Das führt nach einiger Zeit freilich zu einem echten Oldie, den eine bunte Mischung von Portierungen aufpeppt. Dem Admin ist’s häufig wurscht – wer Red Hat in der Enterprise-Variante kauft, bekommt ohnehin Support dazu und öffnet einfach ein Ticket, falls der Kernel nicht tut, wie er soll.
Vier Architekturen
Den besagten Kernel 4.18 kann der Admin in RHEL 8 auf vier Architekturen betreiben: Natürlich steht AMD 64 als Standard-Ansatz zur Verfügung. Hinzu gesellen sich die 64-Bit-Version von ARM sowie die Little-Endian-Variante von IBM Power und IBM Z. Für die Mehrzahl der Nutzer dürften allerdings ohnehin nur AMD 64 und vielleicht noch ARM 64 eine Rolle spielen – mit den beiden Ports für IBM-Architekturen bedient Red Hat ein eher kleines, aber hochspezialisiertes Kundensegment.
Auch ein Desktop
Was viele bei Enterprise-Distributionen gern vergessen: Eigentlich sind die Systeme sowohl für Desktops als auch für Server gedacht. Aber einerseits ist Linux auf dem Desktop ja ohnehin so ein Thema und andererseits ziehen die meisten Nutzer die typischen Desktop-Distributionen wie Fedora oder Open Suse den Enterprise-Versionen vor.
Trotzdem liefert RHEL 8 auch in Sachen Grafik: Teil des Pakets ist der Xorg-Ersatz Wayland samt Gnome 3.28, das auch Standarddesktop ist. Die Bindung von Red Hat und Gnome ist traditionell eng, sodass diese Entscheidung nicht weiter verwundert. Den klassischen X-Server nach Xorg-Bauart gibt es aber auch noch für jene Nutzer, die diese Variante der neuen Wayland-Option vorziehen.
Weil gerade das Thema Versionspflege auf der Tagesordnung steht: Auch sonst erbt RHEL 8 die meisten Versionsstände von der Desktop-Variante Fedora 28. Zum Paket gehören entsprechend Python 3.6, Maria DB 10.3, PostgreSQL 9.6 sowie 10, ein aktueller Apache und Nginx und auch darüber hinaus aktuelle Versionen der verschiedensten Tools. Wer nicht gerade auf der Suche nach einem bestimmten Feature ist, das erst nach Fedora 28 in ein Tool Einzug hielt, wird insofern keine Probleme bekommen.
Appstream für neue Versionen
Für RHEL 7 hätte der letzte Satz noch ein “zumindest am Anfang” enthalten müssen – und genau hier liegt ein zentraler Unterschied zwischen der alten und der neuen Version. Bisher hat der Hersteller die Programme in seinem System ähnlich behandelt wie seinen Kernel: Updates gab es nur in homöopathischen Dosen und sicher nicht für neue Programmversionen oder neue Features.

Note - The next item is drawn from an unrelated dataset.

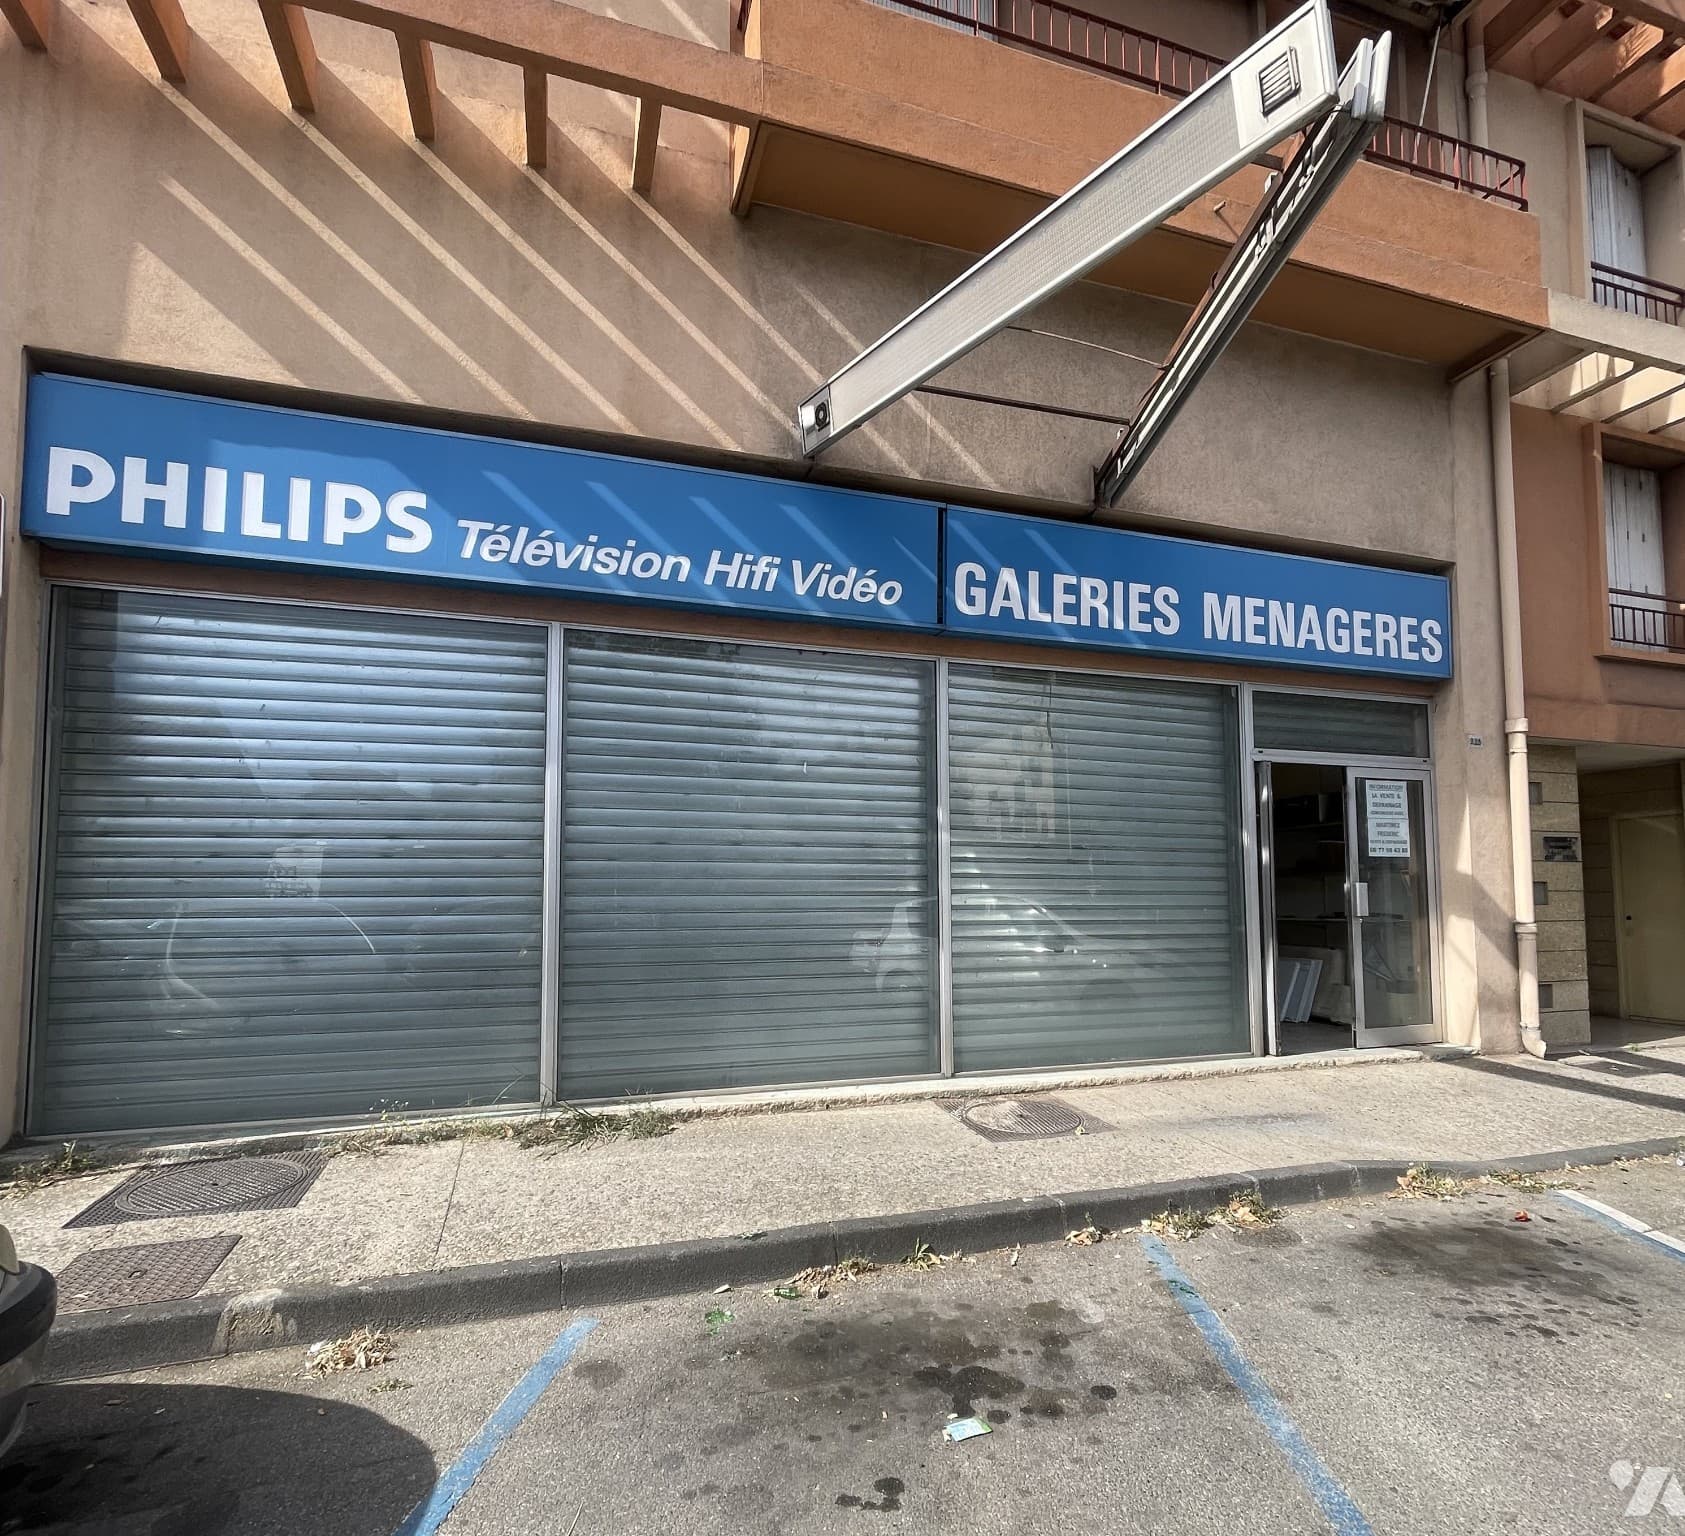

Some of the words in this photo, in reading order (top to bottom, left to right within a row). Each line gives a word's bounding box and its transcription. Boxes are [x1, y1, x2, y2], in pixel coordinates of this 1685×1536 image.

In RHEL 8 soll sich das fundamental ändern. Dafür hat der Hersteller gar seinen Paketmanager ordentlich umgebaut – was an und für sich schon einen eher seltenen Vorgang darstellt. Der Red Hat Package Manager (RPM) beherrscht in der aktuellen Version den Umgang mit Appstream-Metadaten.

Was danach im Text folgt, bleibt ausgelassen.